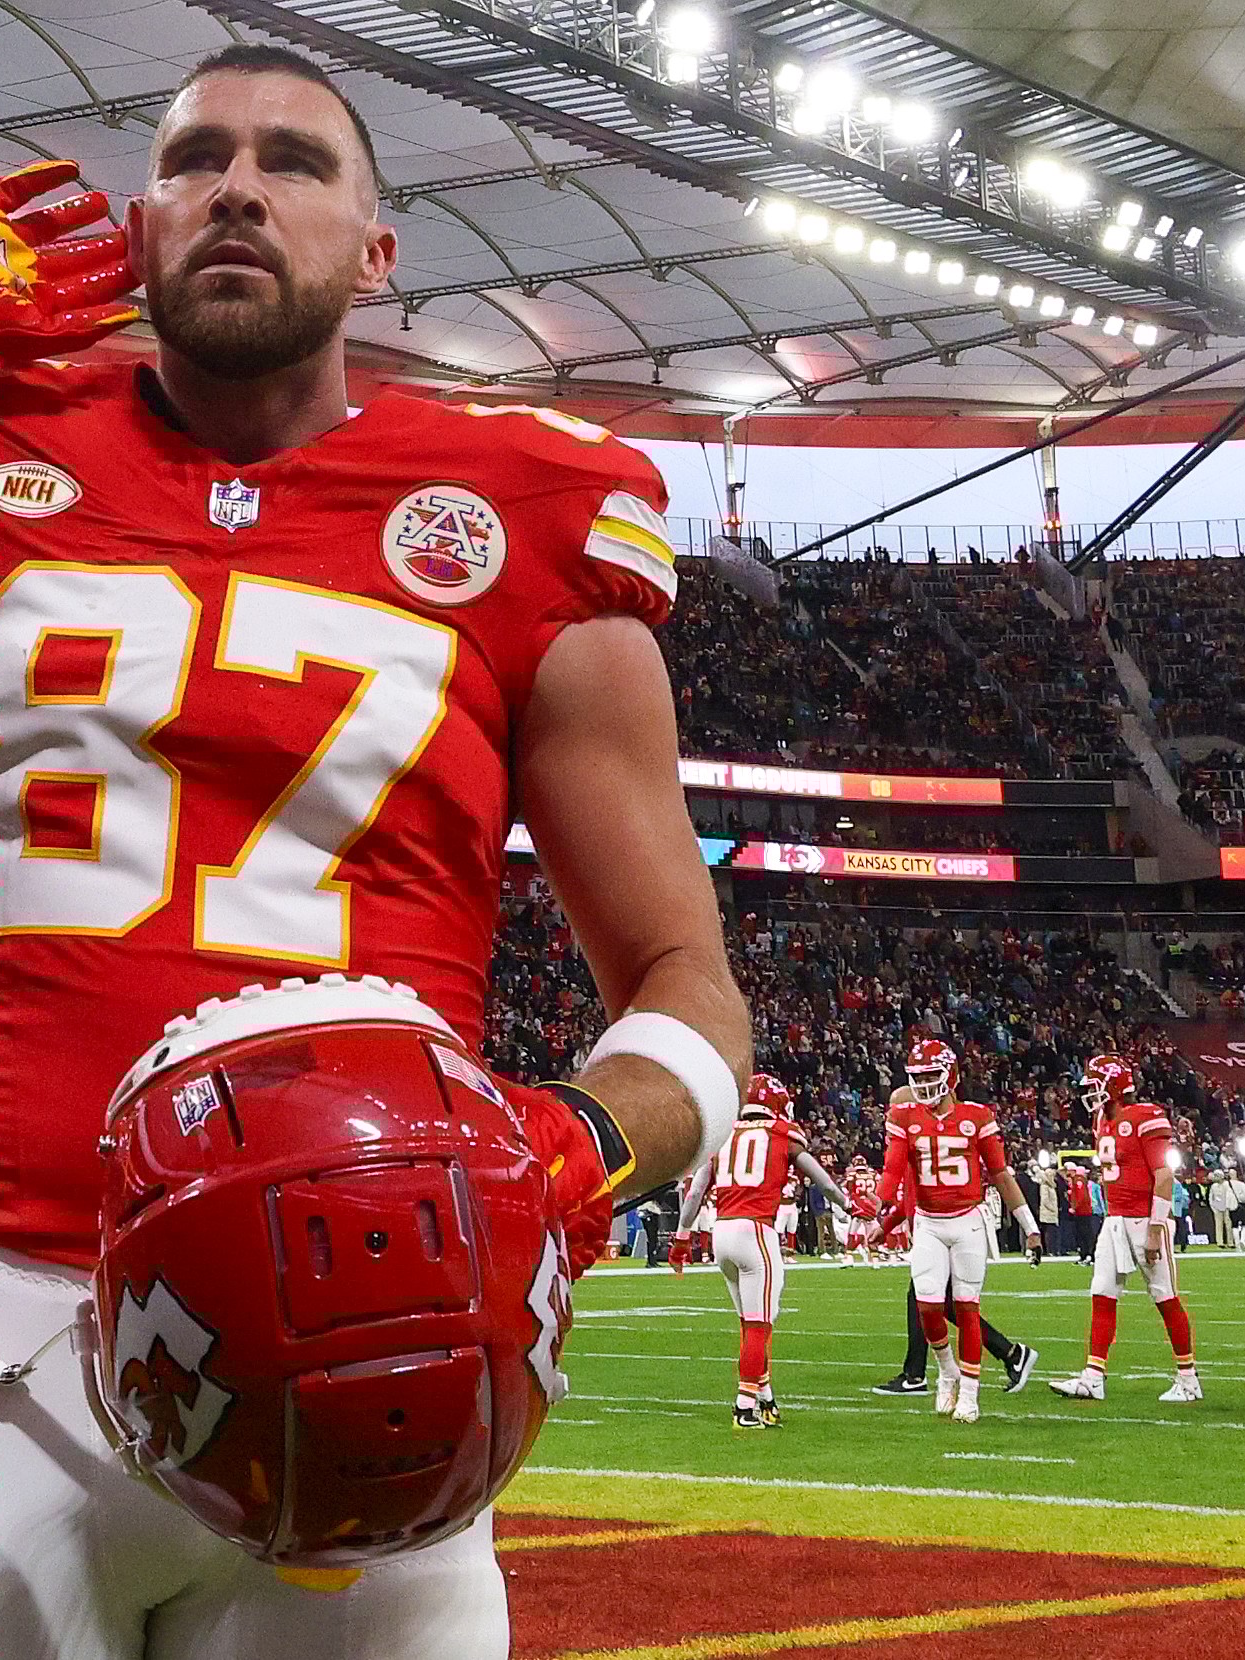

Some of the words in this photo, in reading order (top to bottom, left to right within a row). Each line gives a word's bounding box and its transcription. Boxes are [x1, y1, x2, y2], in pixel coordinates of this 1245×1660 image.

[1, 475, 56, 504] NKH
[217, 501, 248, 522] NFL
[847, 853, 898, 872] KANSAS
[900, 857, 933, 873] CITY
[935, 858, 989, 877] CHIEFS
[715, 1127, 770, 1188] 10
[914, 1135, 971, 1187] 15
[1098, 1135, 1121, 1182] 9

+ + + + + + +

▸ EXERCISE: In your copy, the listing above should appear word for word, with no images.

▸ RESULT OF THE TASK:
Some of the words in this photo, in reading order (top to bottom, left to right within a row). Each line gives a word's bounding box and its transcription. Boxes are [x1, y1, x2, y2], in pixel coordinates of this 1245×1660 image.

[1, 475, 56, 504] NKH
[217, 501, 248, 522] NFL
[847, 853, 898, 872] KANSAS
[900, 857, 933, 873] CITY
[935, 858, 989, 877] CHIEFS
[715, 1127, 770, 1188] 10
[914, 1135, 971, 1187] 15
[1098, 1135, 1121, 1182] 9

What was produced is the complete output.